» **What needs to be done**
Give back each entry unchanged, minus pictures.

» **Data under study**
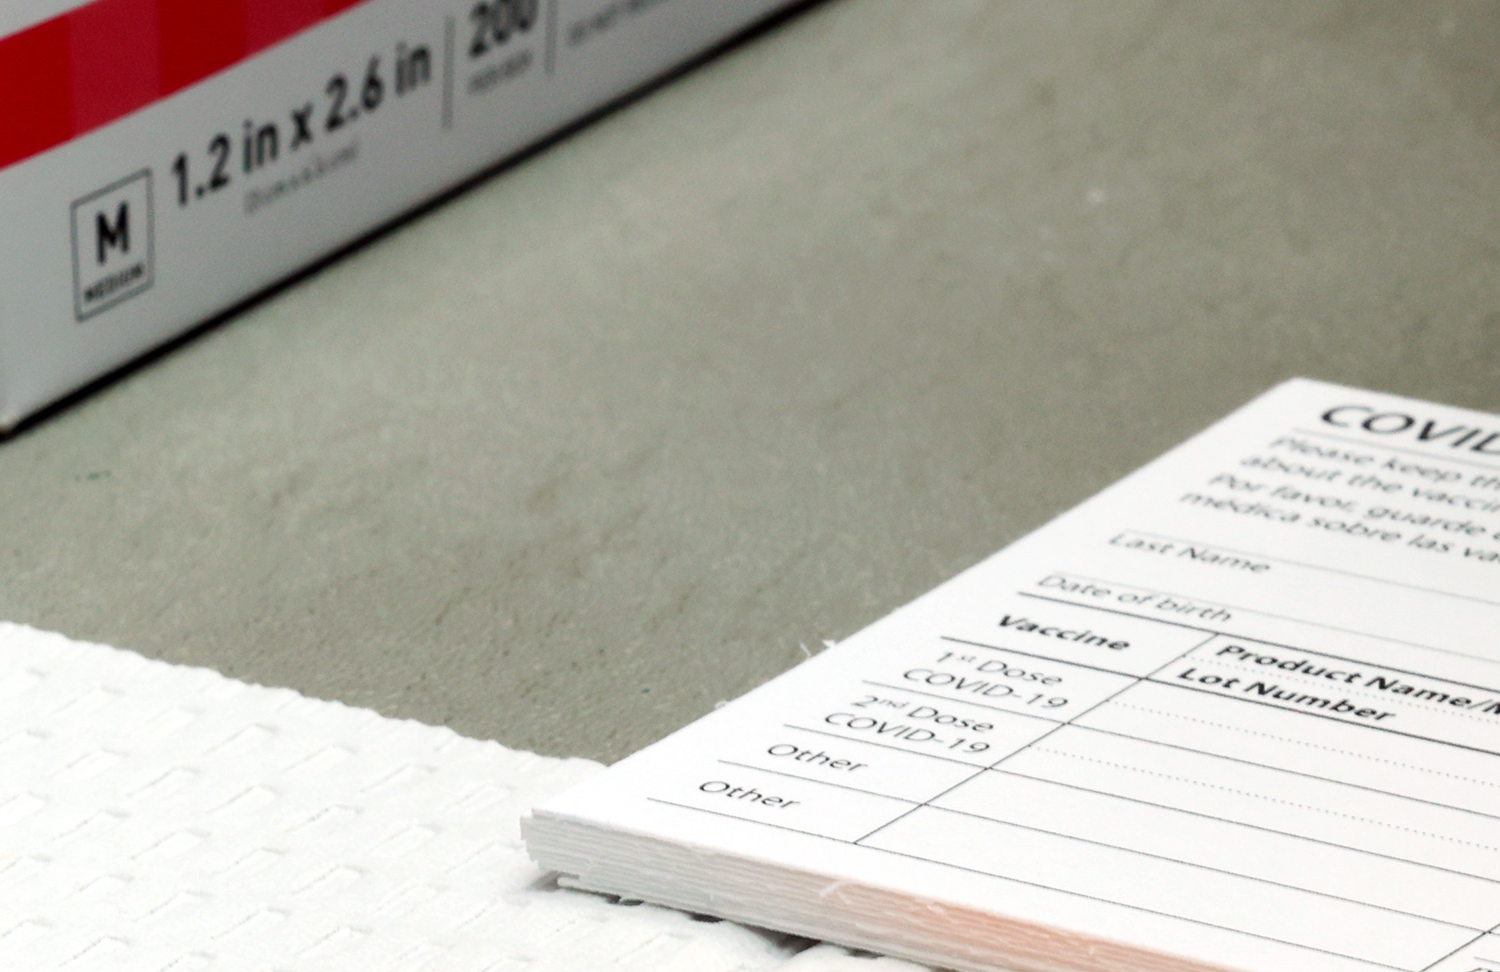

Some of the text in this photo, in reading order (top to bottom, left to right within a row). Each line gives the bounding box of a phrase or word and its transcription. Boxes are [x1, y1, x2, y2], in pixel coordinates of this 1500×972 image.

[173, 131, 231, 206] 1.2
[243, 118, 278, 174] in
[290, 102, 313, 149] x
[326, 53, 385, 132] 2.6
[395, 40, 432, 96] in
[95, 199, 130, 266] M
[1348, 473, 1403, 491] the
[1108, 532, 1271, 573] Last Name
[1037, 575, 1232, 622] Date of birth
[998, 614, 1131, 651] Vaccine
[976, 659, 1064, 686] Dose
[1215, 644, 1362, 684] Product
[902, 668, 1069, 709] COVID-19
[1176, 667, 1396, 722] Lot Number
[823, 712, 991, 754] COVID-19
[906, 706, 995, 732] Dose
[766, 743, 869, 772] Other
[699, 780, 801, 809] Other
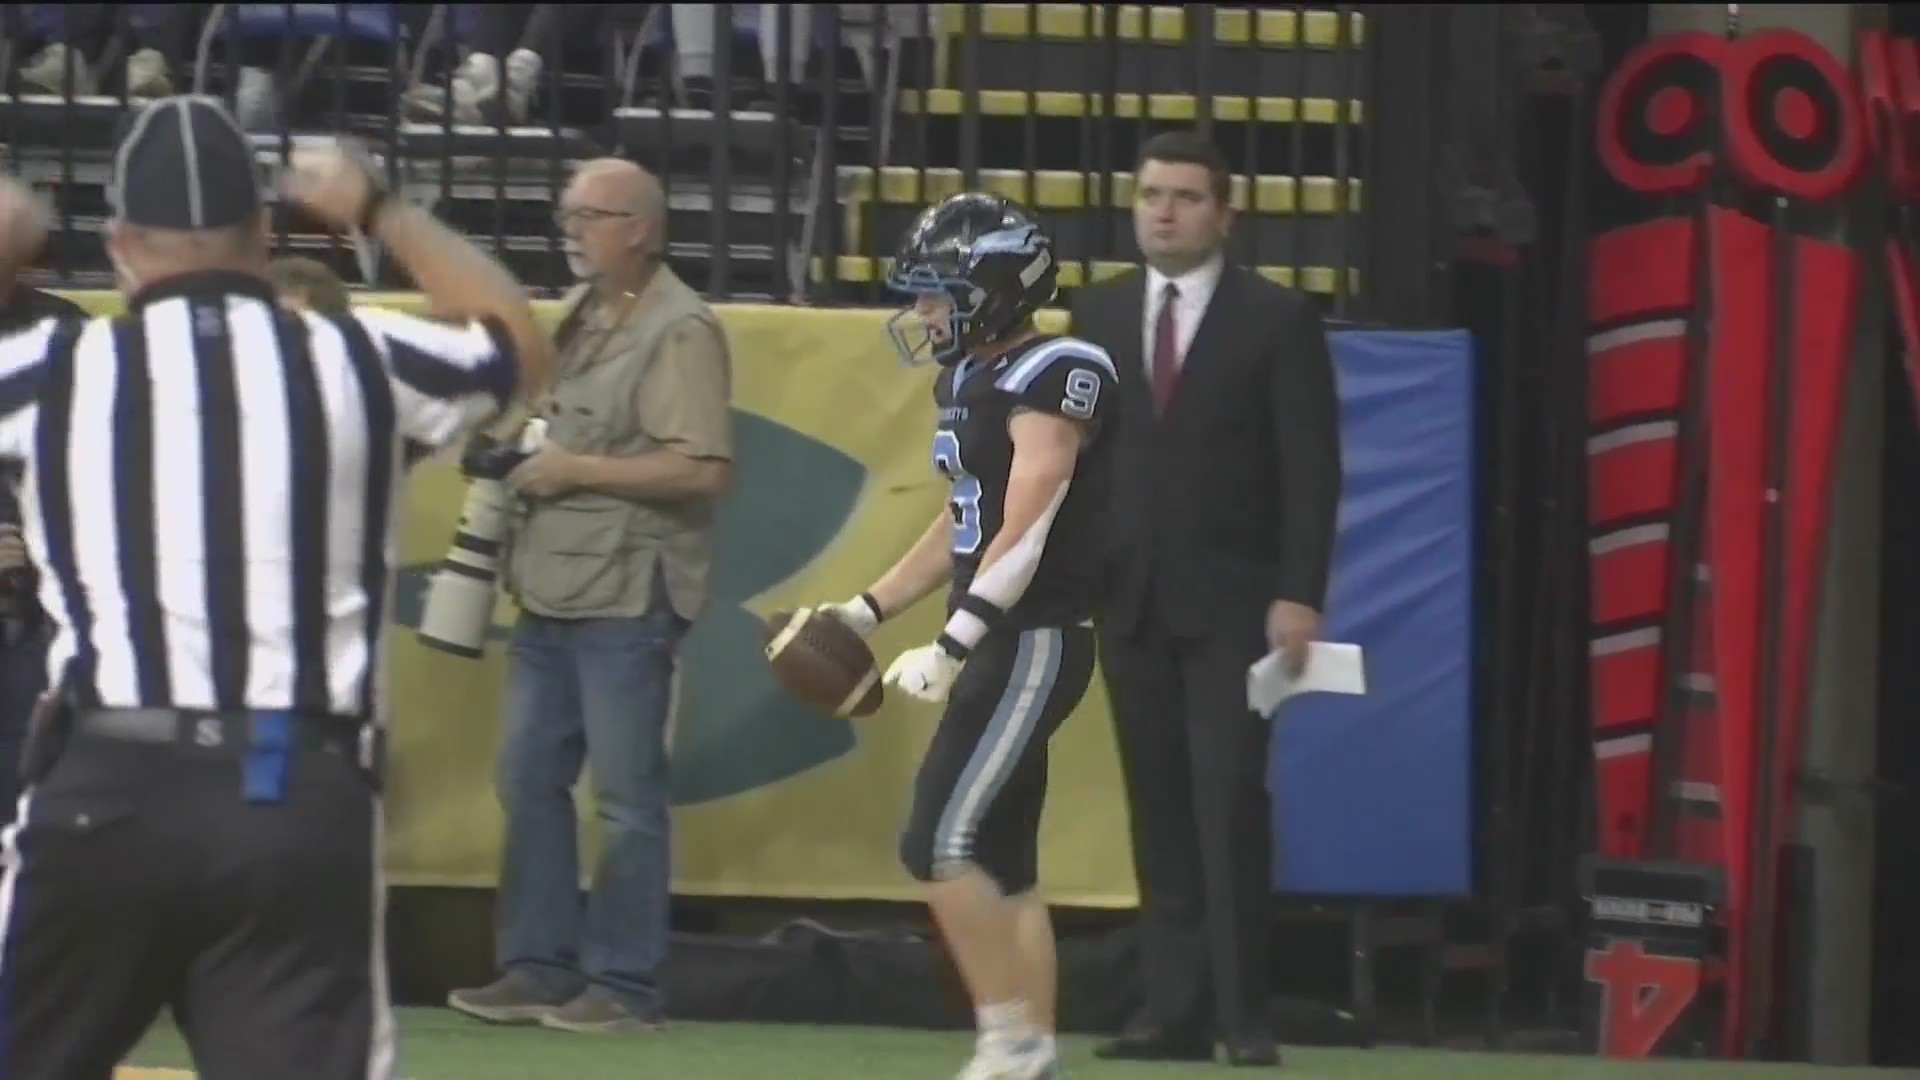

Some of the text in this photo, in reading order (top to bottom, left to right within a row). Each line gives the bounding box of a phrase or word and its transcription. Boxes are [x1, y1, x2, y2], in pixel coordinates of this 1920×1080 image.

[1061, 368, 1101, 420] 9
[931, 430, 983, 554] 9
[1584, 940, 1701, 1061] 4

» **Exercise output**
Some of the text in this photo, in reading order (top to bottom, left to right within a row). Each line gives the bounding box of a phrase or word and its transcription. Boxes are [x1, y1, x2, y2], in pixel coordinates of this 1500×972 image.

[173, 131, 231, 206] 1.2
[243, 118, 278, 174] in
[290, 102, 313, 149] x
[326, 53, 385, 132] 2.6
[395, 40, 432, 96] in
[95, 199, 130, 266] M
[1348, 473, 1403, 491] the
[1108, 532, 1271, 573] Last Name
[1037, 575, 1232, 622] Date of birth
[998, 614, 1131, 651] Vaccine
[976, 659, 1064, 686] Dose
[1215, 644, 1362, 684] Product
[902, 668, 1069, 709] COVID-19
[1176, 667, 1396, 722] Lot Number
[823, 712, 991, 754] COVID-19
[906, 706, 995, 732] Dose
[766, 743, 869, 772] Other
[699, 780, 801, 809] Other

Some of the text in this photo, in reading order (top to bottom, left to right within a row). Each line gives the bounding box of a phrase or word and its transcription. Boxes are [x1, y1, x2, y2], in pixel coordinates of this 1920×1080 image.

[1061, 368, 1101, 420] 9
[931, 430, 983, 554] 9
[1584, 940, 1701, 1061] 4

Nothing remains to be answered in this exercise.